Lethal (deterministic) injuries are threshold dependent. Cells are killed when they receive more than a certain radiation dose, which varies with different tissues. Clinical expression occurs when the amount of cell killing cannot be compensated for by proliferation of viable cells. The acute and chronic radiation syndromes are deterministic. The earliest delayed effect of acute radiation injury, cataract formation at about 10 months, is an example of this type of injury.

For sublethal (stochastic) injuries there is no threshold level of radiation and the consequence is based on statistical probability. Sublethal injury to chromosomes is the most important effect of ionizing radiation. Double-strand breaks are not easily reparable, especially if the damage occurs simultaneously to both strands. This results in broken chromosomes with no template for repair. The exposed ends of chromosome fragments may join up at random, resulting in morphological chromosomal abnormalities. Sublethal damage to chromosomes is implicated in the development of tumours. Although the incidence of malignancy in adults is increased by radiation exposure, the age at which malignancies are clinically expressed does not change. The estimated increase in lifetime risk of fatal cancer is 0.008%/mSv of gamma radiation exposure. Therefore an individual who is exposed to 100 mGy (twice the acceptable Australian occupational annual exposure) has a 0.8% increase in the lifetime risk of fatal cancer.
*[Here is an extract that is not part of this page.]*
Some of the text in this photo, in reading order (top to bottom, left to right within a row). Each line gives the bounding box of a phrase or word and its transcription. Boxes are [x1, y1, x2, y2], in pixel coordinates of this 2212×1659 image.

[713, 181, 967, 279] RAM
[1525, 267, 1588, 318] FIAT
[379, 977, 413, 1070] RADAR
Radiation exposure to the gonads may produce temporary or permanent infertility in men depending on the dose. With temporary infertility, there is preservation of the secondary sexual characteristics. In the female, however, all ova are present at birth and larger radiation doses are required to produce sterility. Radiation-induced infertility in females is associated with premature menopause.

Children are more prone to radiation-induced carcinogenesis because they have a higher number of future cell divisions and a longer life span. The fetus is exceptionally susceptible to radiation injury.

Acute radiation exposure

Radiation exposure accidents usually involve penetrating radiation, such as high-energy x-rays or gamma rays. The effects are primarily due to the loss of cells in the body. Acute exposure is more dangerous than chronic, as it does not allow time for cell replacement or tissue recovery. Clinically, radiation exposure may produce a generalized acute radiation syndrome or a localized irradiation injury.
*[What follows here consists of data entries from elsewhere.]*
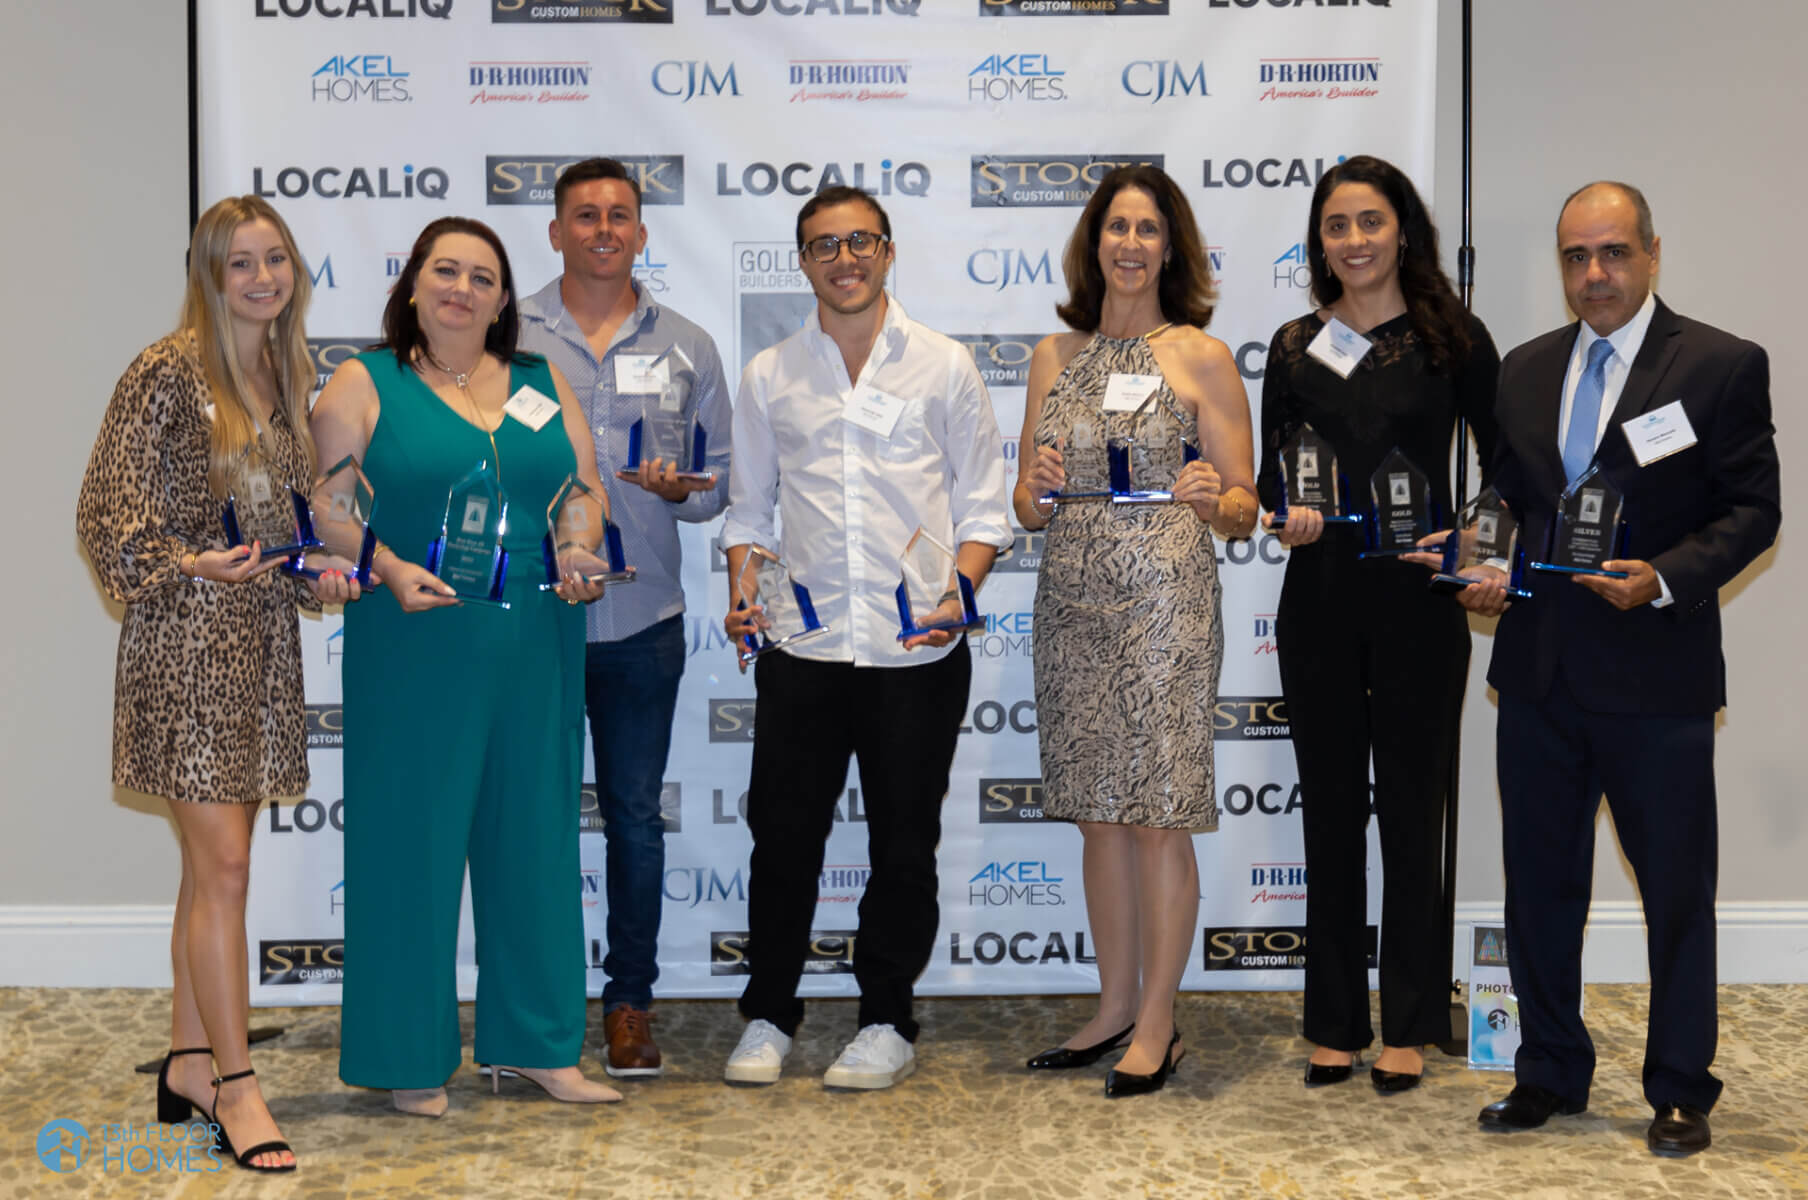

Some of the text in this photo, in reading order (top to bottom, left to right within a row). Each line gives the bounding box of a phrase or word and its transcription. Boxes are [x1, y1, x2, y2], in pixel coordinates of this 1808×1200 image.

[312, 55, 410, 77] AKEL
[968, 54, 1066, 76] AKEL
[651, 60, 744, 103] CJM
[1121, 60, 1213, 104] CJM
[470, 89, 590, 104] America's Builder
[857, 89, 908, 102] Builder
[1259, 86, 1379, 101] America's Builder
[967, 248, 1055, 291] CJM
[740, 275, 802, 288] BUILDERS
[968, 862, 1064, 883] AKEL
[662, 866, 746, 908] CJM
[951, 932, 1097, 966] LOCAL
[1209, 932, 1306, 960] STO
The acute radiation syndrome

The acute radiation syndrome refers to the effects of radiation on one or more body systems. The haemopoietic tissue alone is affected at doses of 1 to 4 Gy and produces pancytopenia with its consequent risks of infection, bleeding and anaemia. Above 6 Gy, gastrointestinal effects are also manifest and the prognosis is poorer. The neurovascular syndrome occurs with doses above 20 Gy and is manifest by leaky capillaries, hypotension and a progressive decline in mental function with eventual death in weeks to months. The symptoms depend on the part of the body irradiated, the dose and the time over which it is delivered.